VoxelWar Discussion thread

Warp · Unread post by **Warp** » Mon Oct 12, 2015 7:28 am

LeCom wrote:
Oh good then I'm not the only one seeing faults in the development of IB (not saying that it's crap though). GM and his team just have wrong priorities. They seem to emphasize on miscellaneous or unimportant things, while IB itself has nothing to offer as a game. It's more like a game engine, but very complex and hard to mod.

I think that's right, well put. Complex and Hard to mod is definetly a issue when someone doesn't have much experience with things.

jadedctl · Unread post by **jadedctl** » Sun Nov 08, 2015 8:30 pm

Anyone happen to have a copy of VoxelWar's source?
It looks like the forums and site are down....

longbyte1 · Unread post by **longbyte1** » Tue Nov 10, 2015 4:05 am

Uhh, did he make his own raycasting engine from scratch?

LeCom · Unread post by **LeCom** » Tue Nov 10, 2015 2:51 pm

longbyte1 wrote:
Uhh, did he make his own raycasting engine from scratch?

If you mean me, I wrote both from scratch, yes, how else.
PS: The SVO 4DOF raycaster is kind of finished and is actually shitty on CPUs, something like 10 FPS for 320x240 on a 2.4 GHz CPU and DDR3 RAM (single thread only and infinite visibility tho') and still a view rendering glitches. But it shows that it's possible and that it's not far away from our 60 FPS Full HD target(and consider how fast GPUs are in comparison).

Marisa Kirisame · Unread post by **Marisa Kirisame** » Tue Nov 10, 2015 10:38 pm

LeCom wrote:
longbyte1 wrote:
Uhh, did he make his own raycasting engine from scratch?
If you mean me, I wrote both from scratch, yes, how else.
PS: The SVO 4DOF raycaster is kind of finished and is actually shitty on CPUs, something like 10 FPS for 320x240 on a 2.4 GHz CPU and DDR3 RAM (single thread only and infinite visibility tho') and still a view rendering glitches. But it shows that it's possible and that it's not far away from our 60 FPS Full HD target(and consider how fast GPUs are in comparison).

Port it to GLSL for great justice performance

Also, use beamcasting starting with e.g. 16x16 regions, then recursing down to suit

Note I haven't done the latter yet but if you combine the two you'd probably use a mipmap pyramid for your texture and do several FBO stages

LeCom · Unread post by **LeCom** » Wed Nov 11, 2015 4:35 pm

Tbh the only way I ever programmed a GPU was via SDL2's rendering API because I was always a voxel and raycasting/tracing fanboy. But fine, I think my hardware supports PND3D's GLSL mode, so why not try it.
At the moment I AM using a mipmap pyramid. Couldn't figure out anything else that would be good in a game with changing, and possibly complex terrain.
I had confirmed with some tests that the main reason for the slowness was the fact that the CPU has to cycle through every single pixel. That's I'm figuring out how to implement an algorithm that casts like only one single ray for the upper mip levels, and then divides into several new rays when going down in the level.

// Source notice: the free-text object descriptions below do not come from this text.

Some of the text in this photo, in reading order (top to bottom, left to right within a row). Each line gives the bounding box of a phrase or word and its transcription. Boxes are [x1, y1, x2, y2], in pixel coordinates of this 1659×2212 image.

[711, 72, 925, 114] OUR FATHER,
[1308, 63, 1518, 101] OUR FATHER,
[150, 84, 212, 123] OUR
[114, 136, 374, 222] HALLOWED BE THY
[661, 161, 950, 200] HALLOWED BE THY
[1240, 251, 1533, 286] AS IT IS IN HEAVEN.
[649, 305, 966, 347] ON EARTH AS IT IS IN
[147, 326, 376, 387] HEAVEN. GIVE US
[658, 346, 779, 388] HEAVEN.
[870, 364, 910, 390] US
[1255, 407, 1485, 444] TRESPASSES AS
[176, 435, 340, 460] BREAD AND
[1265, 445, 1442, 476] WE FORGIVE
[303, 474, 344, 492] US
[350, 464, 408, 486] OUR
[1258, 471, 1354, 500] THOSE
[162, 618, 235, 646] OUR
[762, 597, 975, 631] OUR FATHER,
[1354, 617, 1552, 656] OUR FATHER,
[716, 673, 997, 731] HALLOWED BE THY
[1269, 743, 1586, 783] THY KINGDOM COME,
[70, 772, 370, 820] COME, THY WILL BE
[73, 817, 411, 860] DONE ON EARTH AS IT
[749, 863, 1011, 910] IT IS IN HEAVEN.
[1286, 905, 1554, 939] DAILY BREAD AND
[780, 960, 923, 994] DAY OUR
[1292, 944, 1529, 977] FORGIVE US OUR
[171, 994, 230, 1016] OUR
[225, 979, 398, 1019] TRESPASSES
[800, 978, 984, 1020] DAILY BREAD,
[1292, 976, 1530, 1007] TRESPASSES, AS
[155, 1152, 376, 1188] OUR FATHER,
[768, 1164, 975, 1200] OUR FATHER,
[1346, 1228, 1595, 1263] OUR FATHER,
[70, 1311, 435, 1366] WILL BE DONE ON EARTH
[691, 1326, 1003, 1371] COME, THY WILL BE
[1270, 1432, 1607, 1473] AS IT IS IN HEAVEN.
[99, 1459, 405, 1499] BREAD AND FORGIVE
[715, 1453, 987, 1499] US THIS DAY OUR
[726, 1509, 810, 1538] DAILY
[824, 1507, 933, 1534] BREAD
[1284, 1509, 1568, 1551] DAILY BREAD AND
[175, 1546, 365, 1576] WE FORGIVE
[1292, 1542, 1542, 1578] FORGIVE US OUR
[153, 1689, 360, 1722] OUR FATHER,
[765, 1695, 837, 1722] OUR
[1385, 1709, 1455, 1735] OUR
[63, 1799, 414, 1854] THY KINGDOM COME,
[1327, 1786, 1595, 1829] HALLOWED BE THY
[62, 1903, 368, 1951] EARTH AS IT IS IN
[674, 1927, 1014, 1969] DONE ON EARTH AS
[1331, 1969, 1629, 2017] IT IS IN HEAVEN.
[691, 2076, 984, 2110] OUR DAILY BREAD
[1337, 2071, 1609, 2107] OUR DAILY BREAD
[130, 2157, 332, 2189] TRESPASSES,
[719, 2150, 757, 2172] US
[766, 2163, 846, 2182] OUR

I see, people are still asking for source. Dunno if I even can get the external drive containing it, but may I ask for what purpose at least? Note that it's pretty much what used to be called spaghetti code back then, aka weird and mostly make-shift stuff aka it's better to rewrite it than continuing to work with it (also the problem with Voxlap).

Marisa Kirisame · Unread post by **Marisa Kirisame** » Wed Nov 11, 2015 10:22 pm

If you want to improve performance, throw more cores and SIMD lanes at it ;) OpenMP makes the "more cores" thing easy. Just make sure you do something like this:

Code: Select all

int y;
#pragma omp parallel for
for(y = 0; y < height; y++)
{
    int x;
    Uint32 *dest = ((Uint32 *)(screen->pixels + screen->pitch*y));

    for(x = 0; x < width; x++, dest++)
    {

and not this:

Code: Select all

int x, y;
Uint32 *dest = (Uint32 *)screen->pixels;
#pragma omp parallel for
for(y = 0; y < height; y++, dest += (screen->pitch-width)/4)
{
    for(x = 0; x < width; x++, dest++)
    {

as the threads will share the same x + dest and will dissolve into a scattered mess.

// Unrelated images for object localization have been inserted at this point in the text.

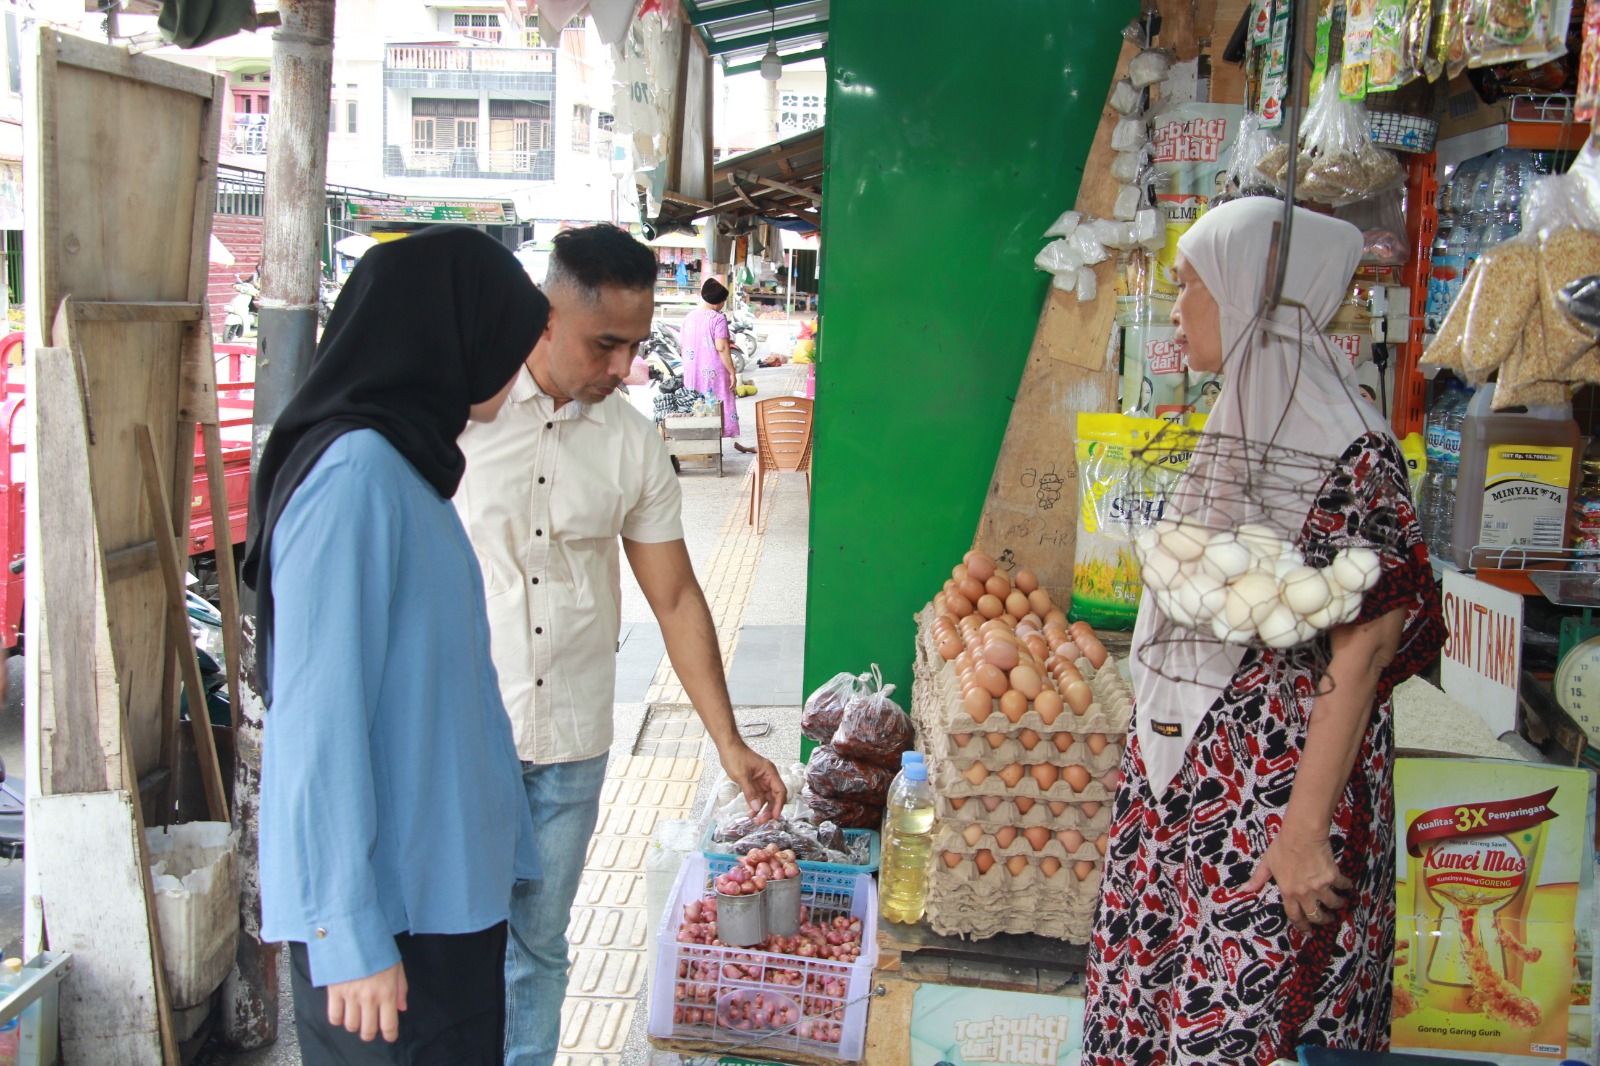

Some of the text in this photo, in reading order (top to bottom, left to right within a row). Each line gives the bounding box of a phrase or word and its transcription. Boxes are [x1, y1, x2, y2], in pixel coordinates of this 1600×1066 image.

[1174, 136, 1219, 162] Hati
[1150, 354, 1179, 373] dari
[1109, 497, 1166, 521] SPH
[1114, 585, 1123, 599] 5
[1443, 592, 1516, 691] SANTANA
[1571, 687, 1582, 697] 15
[1416, 805, 1546, 832] Kualitas 3X Penyaringan
[1423, 847, 1527, 872] Kunci Mas
[1436, 875, 1463, 883] Kuncinya
[954, 1013, 1070, 1043] Terbukti
[1418, 1025, 1501, 1037] Goreng Garing Gurih
[960, 1035, 1059, 1066] dari Hati
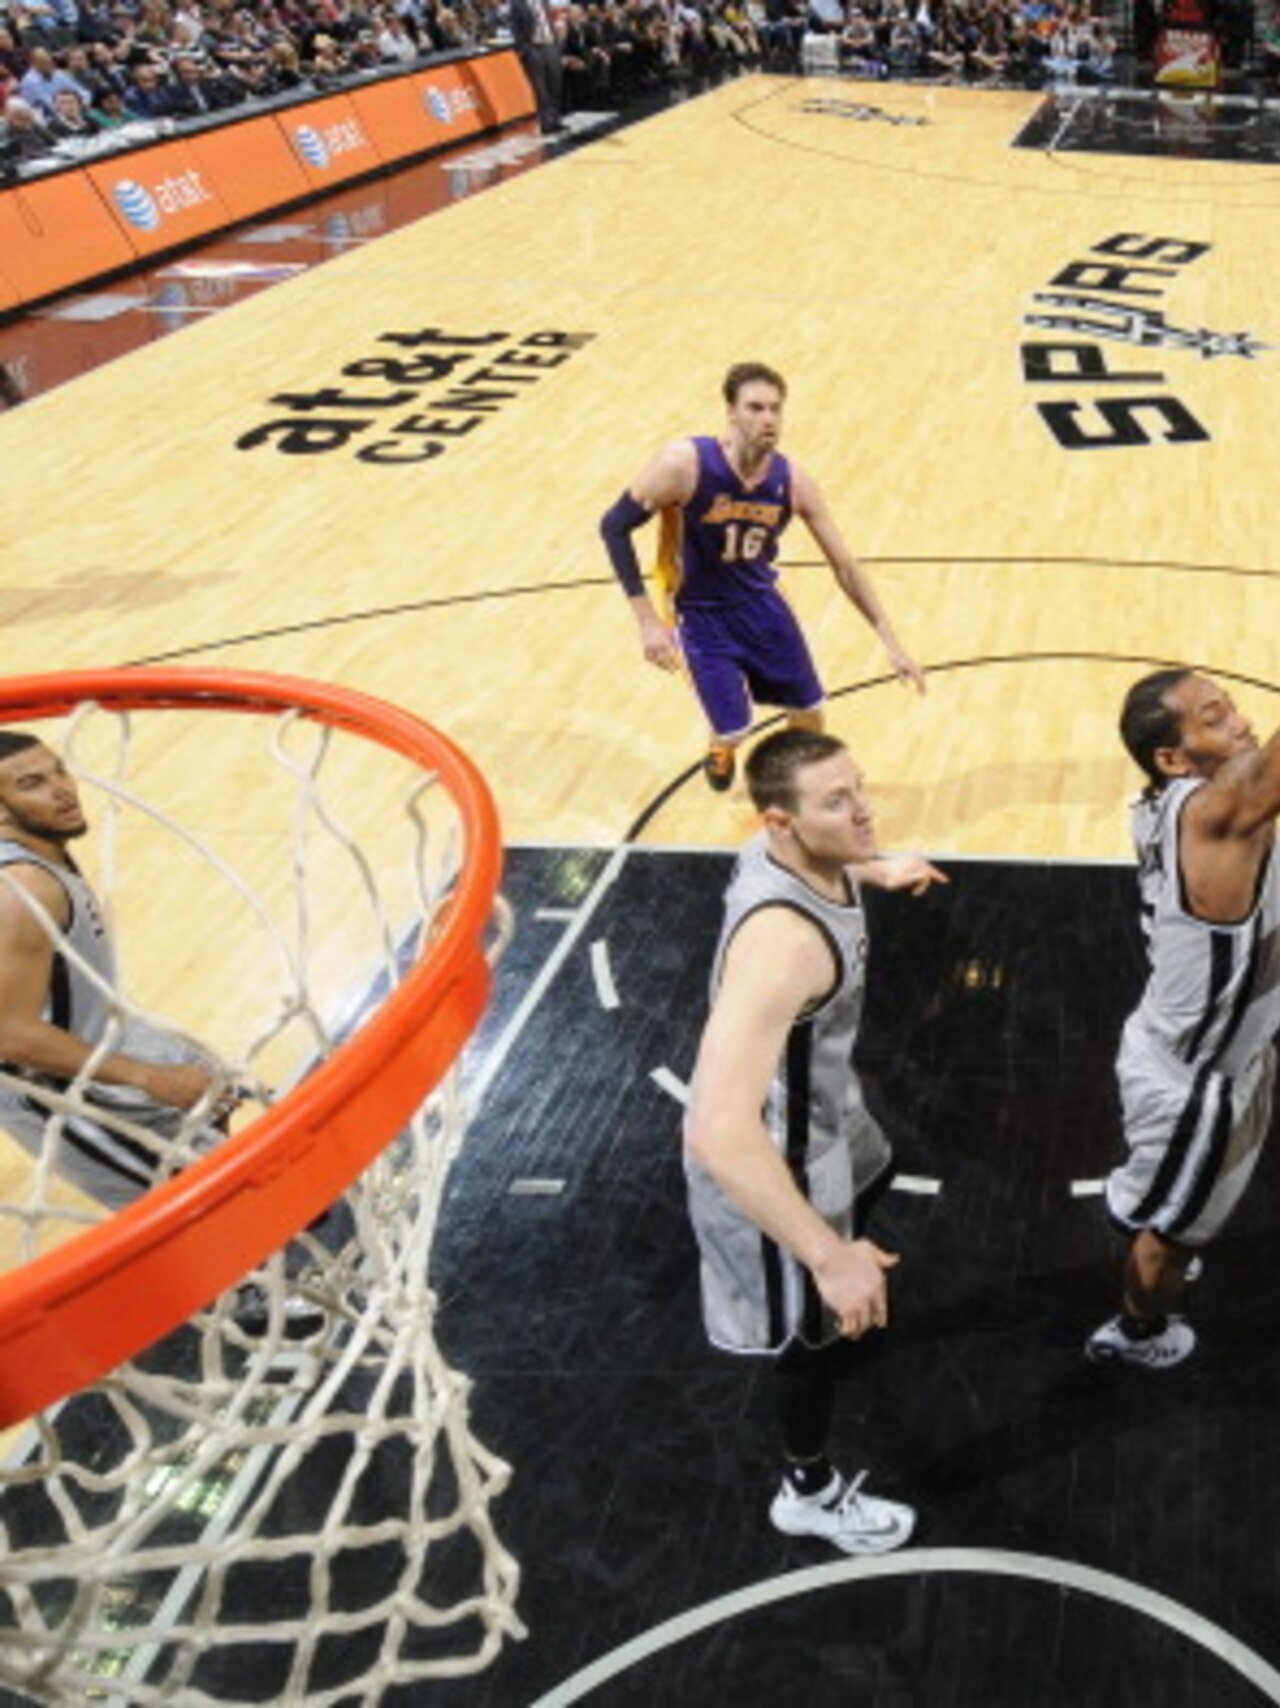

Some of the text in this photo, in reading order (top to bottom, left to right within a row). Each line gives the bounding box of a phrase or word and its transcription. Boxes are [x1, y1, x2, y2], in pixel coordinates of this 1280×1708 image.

The SIMD approach works better if you do something like this:

Code: Select all

for(x = 0; x < width; x += 4)
{

__m128 posx, posy, posz;
__m128 velx, vely, velz;
__m128 time;

...

posx = _mm_add_ps(posx, _mm_mul_ps(time, velx));
posy = _mm_add_ps(posy, _mm_mul_ps(time, vely));
posz = _mm_add_ps(posz, _mm_mul_ps(time, velz));

...

}

Rather than:

Code: Select all


for(x = 0; x < width; x++)
{

__m128 pos;
__m128 vel;
float time;

...

pos = _mm_add_ps(pos, _mm_mul_ps(_mm_set1_ps(time), vel));

...

}

Oh, and it's best to code that sort of stuff in C, as even I am not better at coding assembly than a C compiler.

LeCom wrote:
That's I'm figuring out how to implement an algorithm that casts like only one single ray for the upper mip levels, and then divides into several new rays when going down in the level.

Yep, that's beamtracing.

LeCom · Unread post by **LeCom** » Thu Nov 12, 2015 6:16 am

I'm not relying that much on multithreading. Especially since the speed up per core is only around 70% of a core's power. Then most hardware usually only has 4-8, and changing to beamtracing would make it hard to parallelise (btw any idea why google returns basically nothing usable for beamtracing?). Dunno about SIMD yet, my usage of MMX in the voxlap hack was pretty much of a fail. Btw I don't really get your recommendation, you want me to use 128 bit registers for stuff I can do with floats, instead of doing the actual SIMD thing?
Also, yes, C rules if it comes to these things. I was considering D for some time because of its high-level stuff (compiled+high-level=speed?), but I doubt so now.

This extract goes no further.